Read the full poem in The Essential Rumi, by Coleman Barks with John Moyne, Castle Books/ Harper Collins, 1995.
A favorite poem of mine is “Each Note.” This section of the poem explores feelings of longing, giddiness, and alive-ness. It also explores the idea that we are containers—that an external spiritual force animates us—whether that be God, or God’s breath, or our own breath, or the wind, or our own singing. The images multiply, but the feeling is the same—a spiritual force travels through us and we should allow it:
God picks up the reed-flute world and blows.
Each note is a need coming through one of us,
a passion, a longing-pain.
Remember the lips
where the wind-breath originated,
and let your note be clear.
Don't try to end it.
Be your note.
I'll show you how it's enough.
Go up on the roof at night
in this city of the soul.
Let everyone climb on their roofs
and sing their notes!
Sing loud!
Read the full poem in The Essential Rumi, by Coleman Barks with John Moyne, Castle Books/ Harper Collins, 1995.
More, please
Here is the TED-Ed video about Rumi referenced in the post:
Coleman Barks’ TEDx Talk:
This short video is about the Whirling Dervishes of Sufism:
Find a Bill Moyers special here.
Read some excellent articles in The Marginalian: Rumi’s life in ancient manuscripts, a new book of translation, and an album inspired by the poetry of Rumi and others.

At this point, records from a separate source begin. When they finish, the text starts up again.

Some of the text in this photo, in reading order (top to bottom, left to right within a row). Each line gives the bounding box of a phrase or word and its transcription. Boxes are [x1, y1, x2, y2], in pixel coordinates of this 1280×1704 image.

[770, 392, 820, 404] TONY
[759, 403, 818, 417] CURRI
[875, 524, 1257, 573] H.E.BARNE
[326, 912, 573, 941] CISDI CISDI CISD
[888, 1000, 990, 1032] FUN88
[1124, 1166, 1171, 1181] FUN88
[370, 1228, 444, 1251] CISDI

Some podcasts with Coleman Barks or Brad Gooch:
What about you? Have you heard of Rumi? Do you have a favorite poem?
See you tomorrow with another poet!
Jenny
P.S. And just for fun—some photos I texted a friend when she mentioned Rumi. Had I heard of him? Yes, yes, I had.
The Essential Rumi, by Coleman Barks with John Moyne, Castle Books/ Harper Collins, 1995.

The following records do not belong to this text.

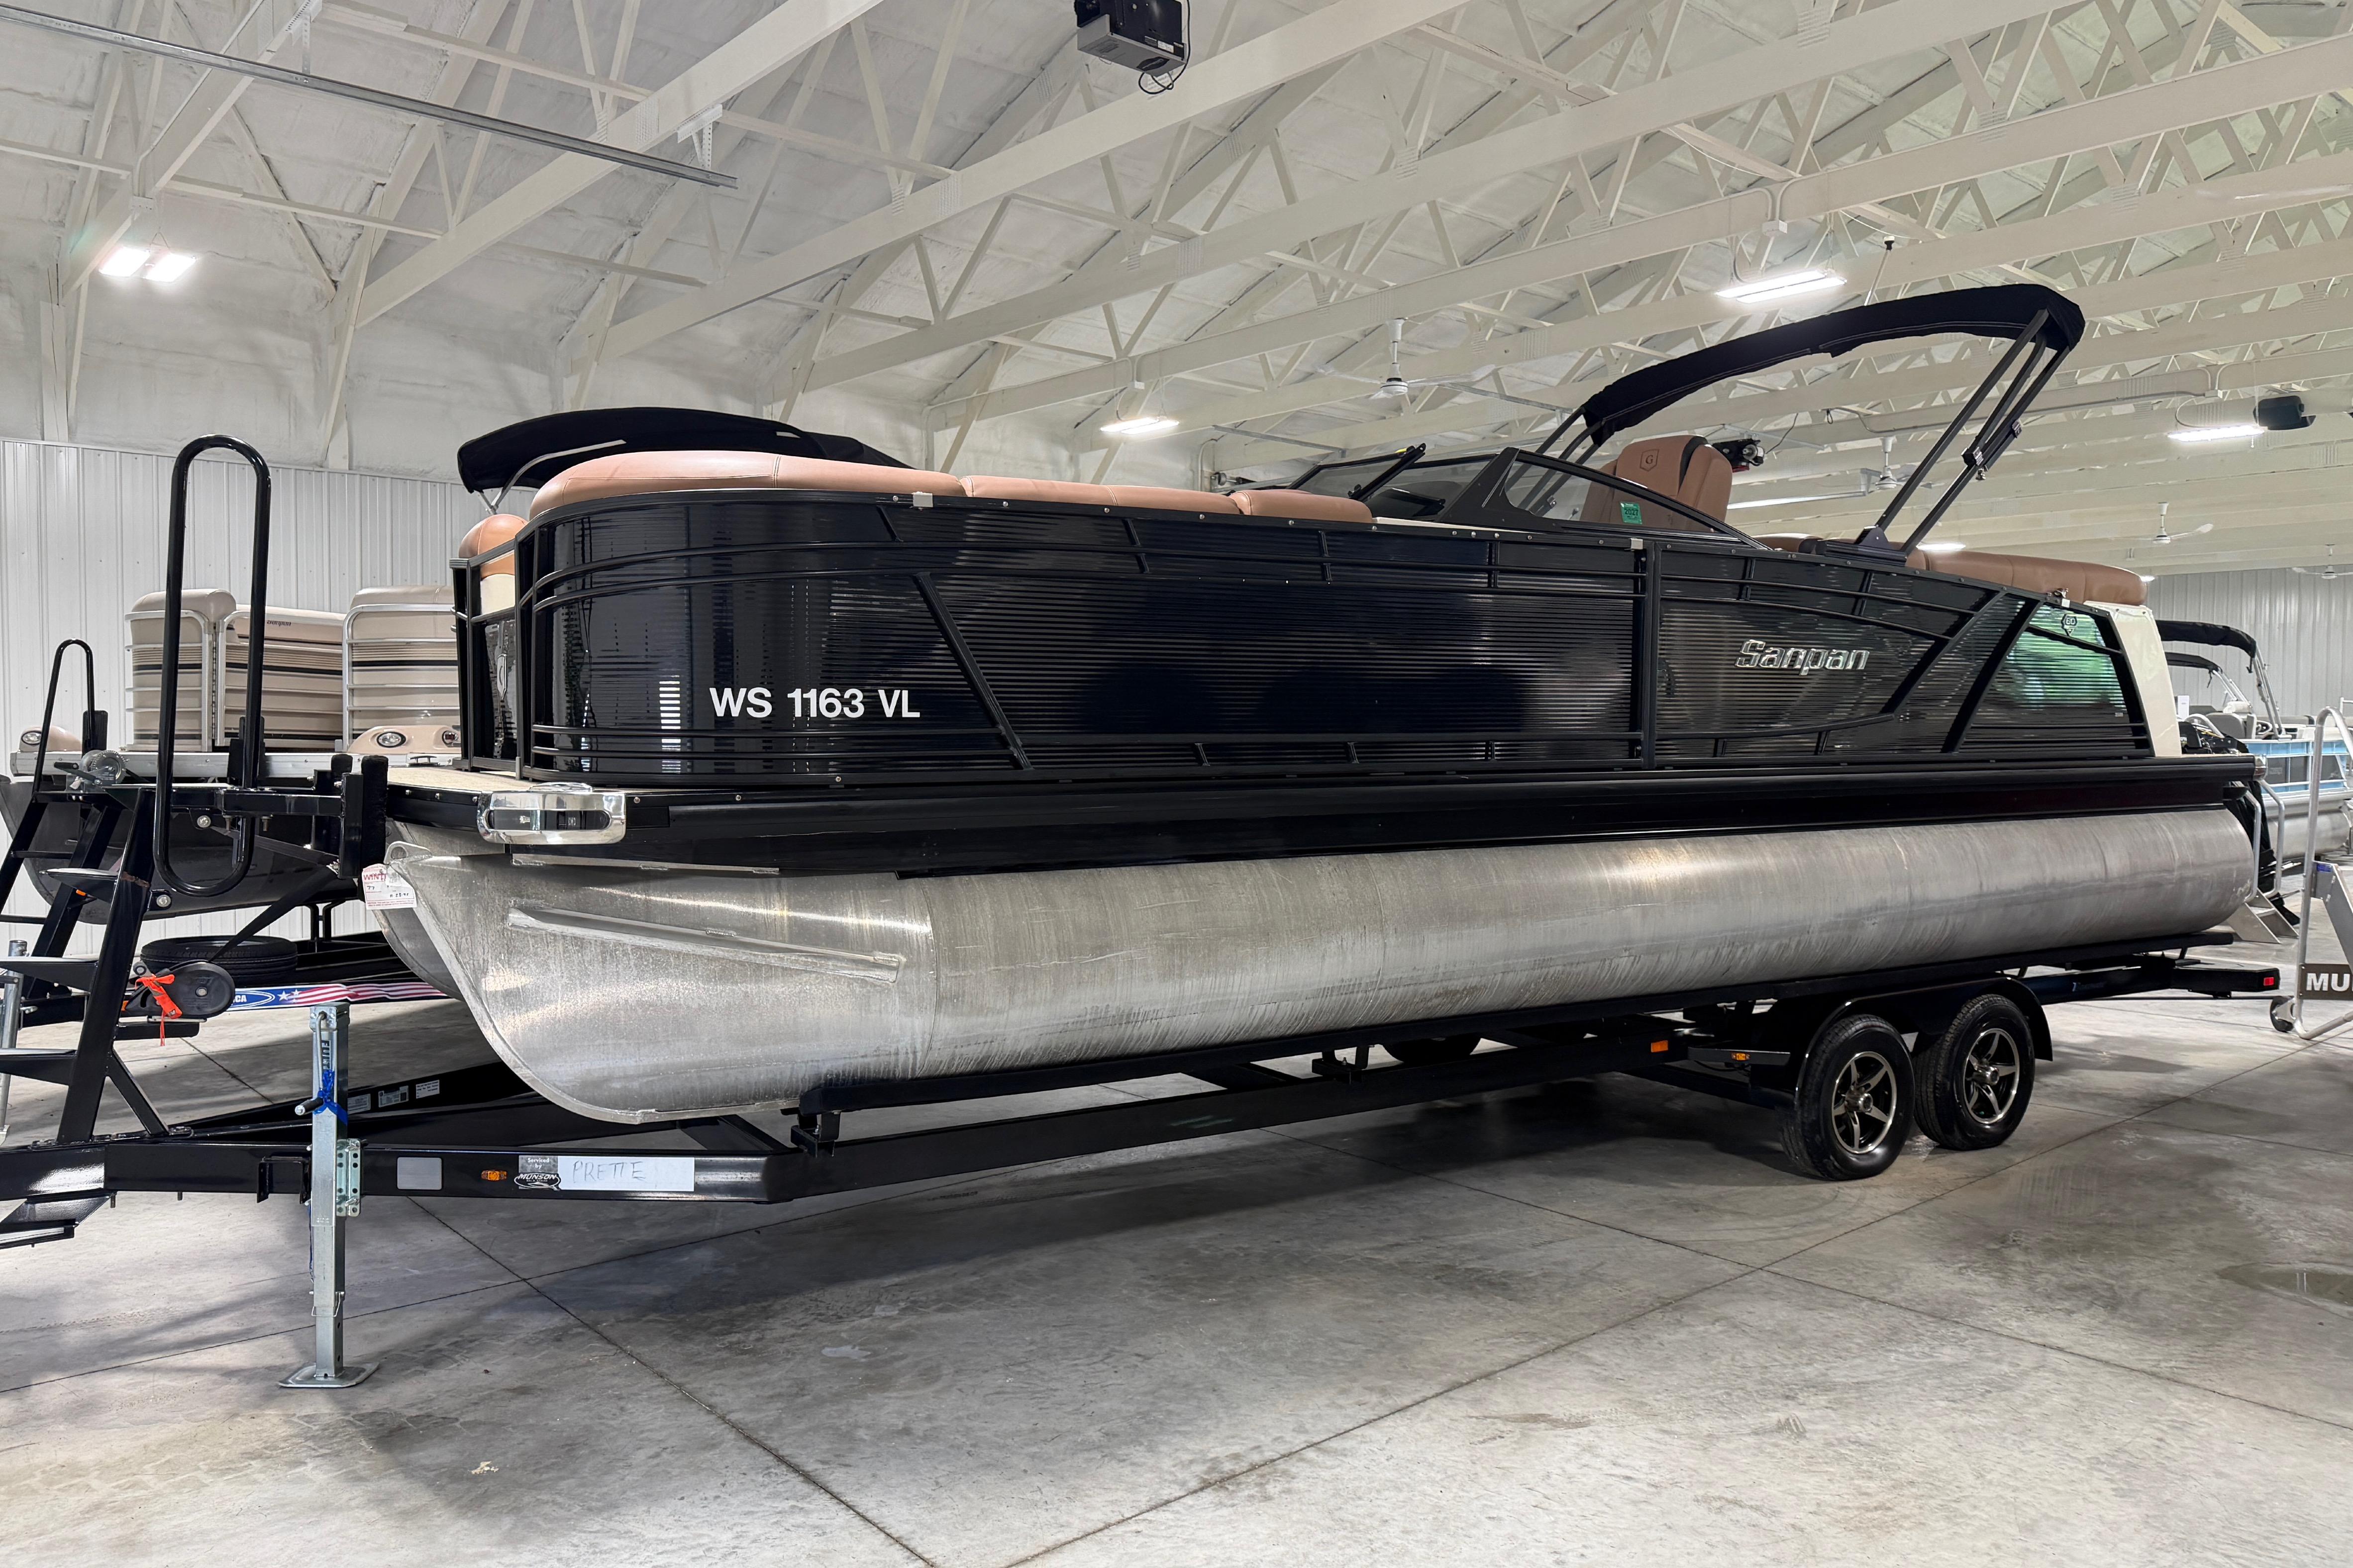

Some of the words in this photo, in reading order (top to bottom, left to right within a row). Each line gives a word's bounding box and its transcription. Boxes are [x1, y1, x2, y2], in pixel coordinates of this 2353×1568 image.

[1646, 455, 1653, 464] G
[1735, 639, 1870, 676] Sanpan
[710, 687, 772, 718] WS
[787, 688, 865, 718] 1163
[878, 689, 921, 717] VL
[2306, 973, 2353, 991] MU
[321, 1040, 330, 1070] FULT

The Essential Rumi, by Coleman Barks with John Moyne, Castle Books/ Harper Collins, 1995.
It is worth noting—and has been noted by critics—that Barks does not translate Rumi’s poems from the original Persian, and does not consider them to be scholarly translations. Some fans appreciate the spiritual nature of this creative or spiritual “partnership” that spans centuries; some detractors criticize it, pointing out that Bark’s translations are often so generalized that specific Islamic references have been taken out of them to make them more accessible and mystical.
Jen, I loved this post, especially the historical tidbits that walked us through Rumi's path from a young boy to a beloved cultural figure in poetry. I loved learning more about the poet behind the famous lines.